***** Given information *****
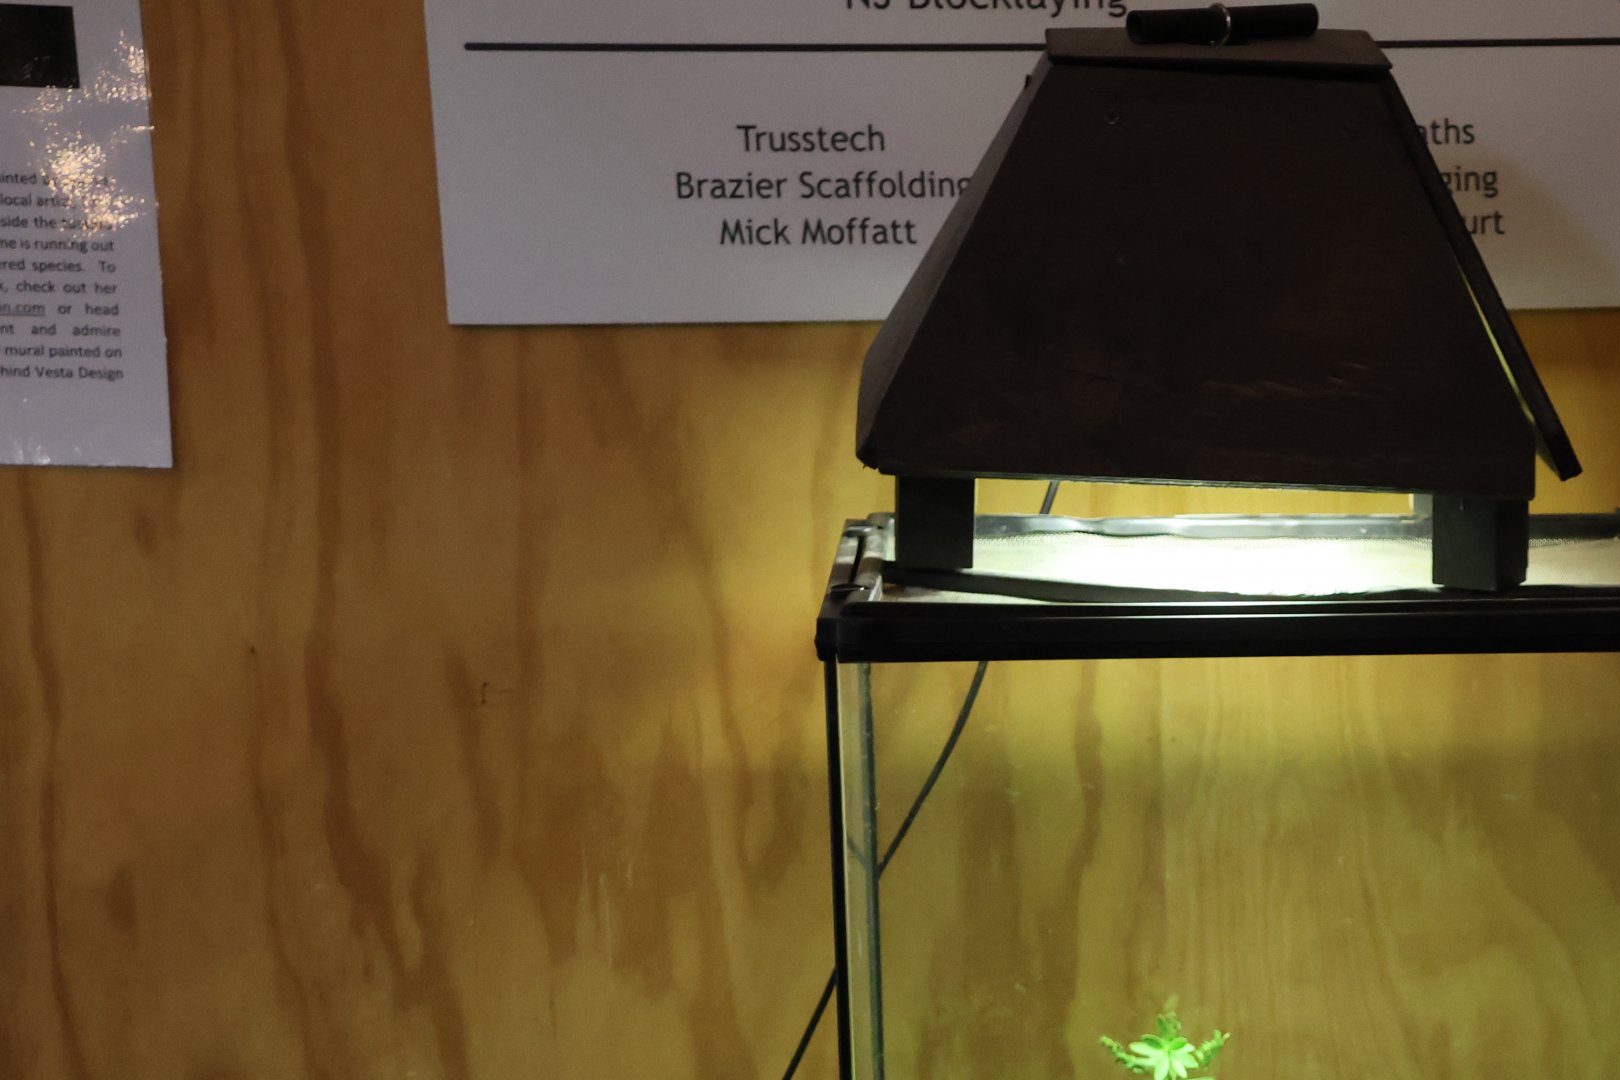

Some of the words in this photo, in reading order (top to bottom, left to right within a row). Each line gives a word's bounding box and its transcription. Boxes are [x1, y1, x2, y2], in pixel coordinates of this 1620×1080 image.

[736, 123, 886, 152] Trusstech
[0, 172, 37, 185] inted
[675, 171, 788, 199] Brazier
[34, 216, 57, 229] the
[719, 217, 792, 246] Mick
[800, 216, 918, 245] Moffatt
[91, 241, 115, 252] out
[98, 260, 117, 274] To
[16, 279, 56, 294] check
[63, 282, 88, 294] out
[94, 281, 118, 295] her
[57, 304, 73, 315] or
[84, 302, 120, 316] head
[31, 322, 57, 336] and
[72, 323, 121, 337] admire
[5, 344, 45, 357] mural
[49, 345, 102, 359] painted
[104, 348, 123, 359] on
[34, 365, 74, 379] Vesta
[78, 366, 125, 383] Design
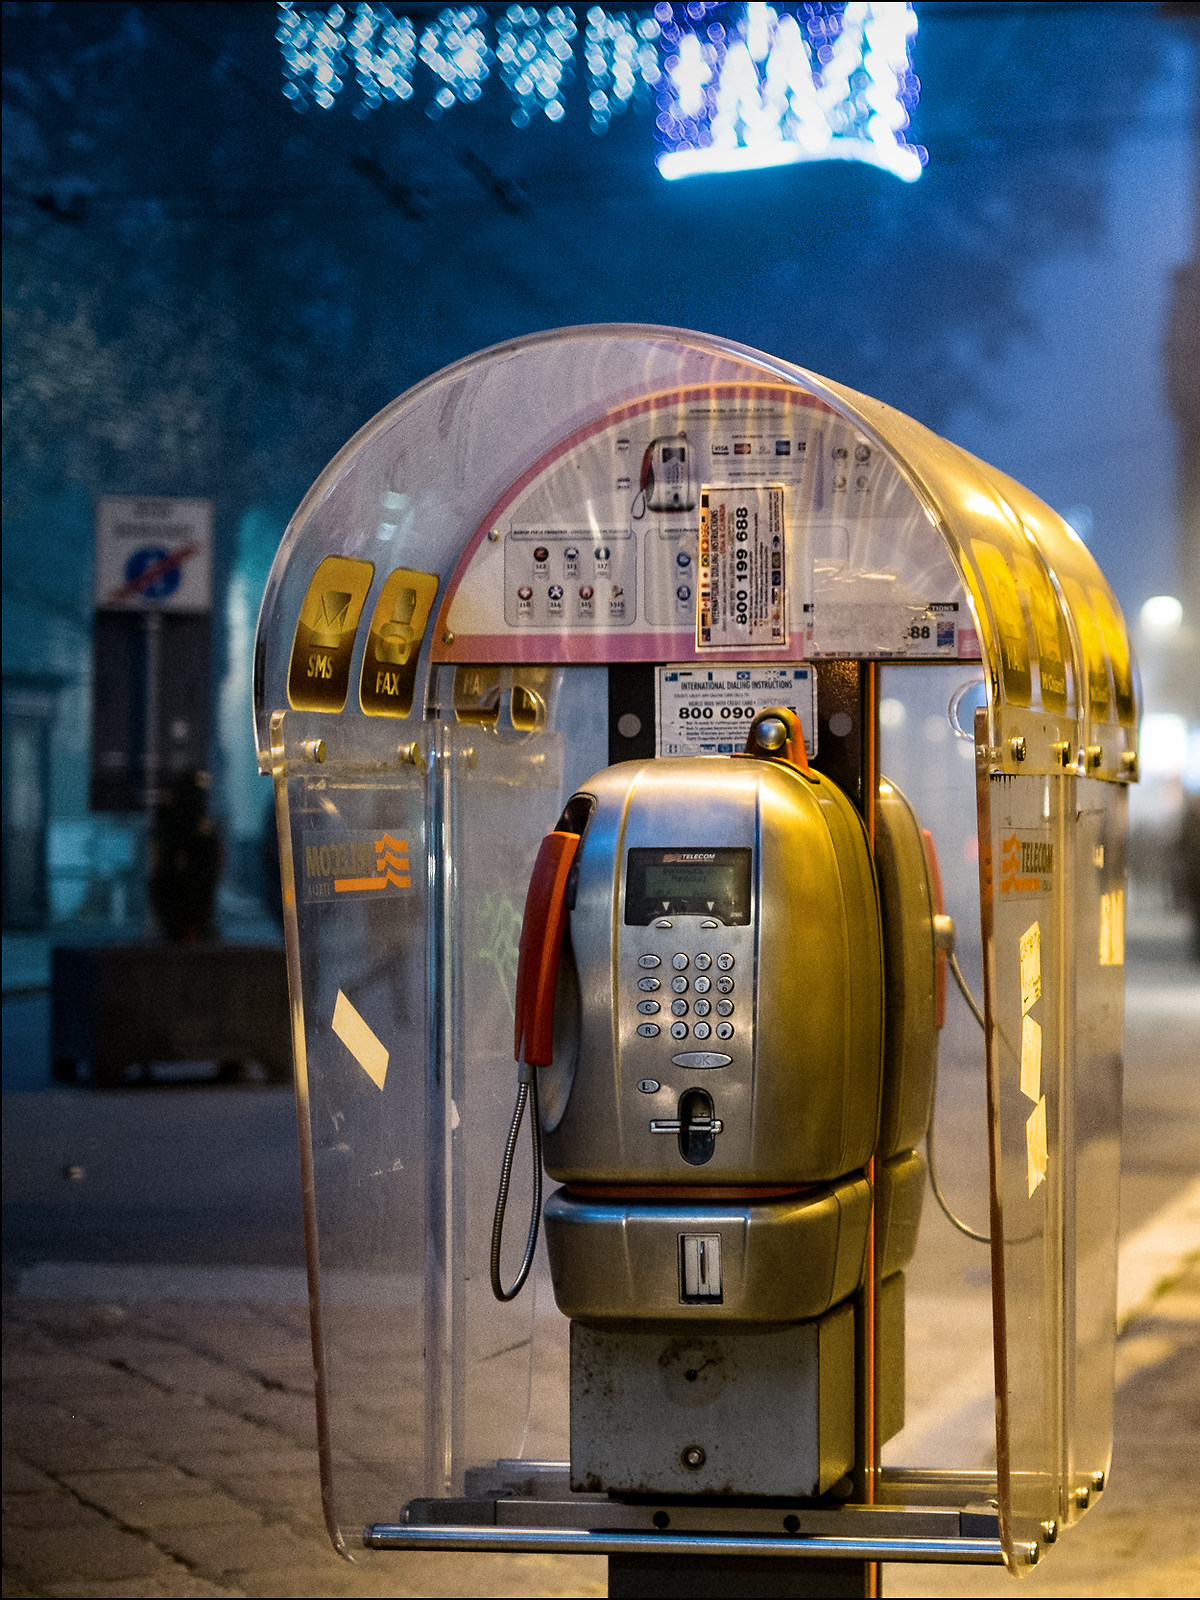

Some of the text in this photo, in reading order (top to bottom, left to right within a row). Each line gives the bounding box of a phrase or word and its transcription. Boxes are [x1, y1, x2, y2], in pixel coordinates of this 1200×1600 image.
*****
Without including any picture, set down every line above exactly as it stands.

Some of the words in this photo, in reading order (top to bottom, left to right within a row). Each line gives a word's bounding box and its transcription. Boxes are [x1, y1, x2, y2], in pixel coordinates of this 1620×1080 image.

[736, 123, 886, 152] Trusstech
[0, 172, 37, 185] inted
[675, 171, 788, 199] Brazier
[34, 216, 57, 229] the
[719, 217, 792, 246] Mick
[800, 216, 918, 245] Moffatt
[91, 241, 115, 252] out
[98, 260, 117, 274] To
[16, 279, 56, 294] check
[63, 282, 88, 294] out
[94, 281, 118, 295] her
[57, 304, 73, 315] or
[84, 302, 120, 316] head
[31, 322, 57, 336] and
[72, 323, 121, 337] admire
[5, 344, 45, 357] mural
[49, 345, 102, 359] painted
[104, 348, 123, 359] on
[34, 365, 74, 379] Vesta
[78, 366, 125, 383] Design

Some of the text in this photo, in reading order (top to bottom, left to right within a row). Each line gives the bounding box of a phrase or word and its transcription. Boxes are [x1, y1, x2, y2], in pixel coordinates of this 1200×1600 image.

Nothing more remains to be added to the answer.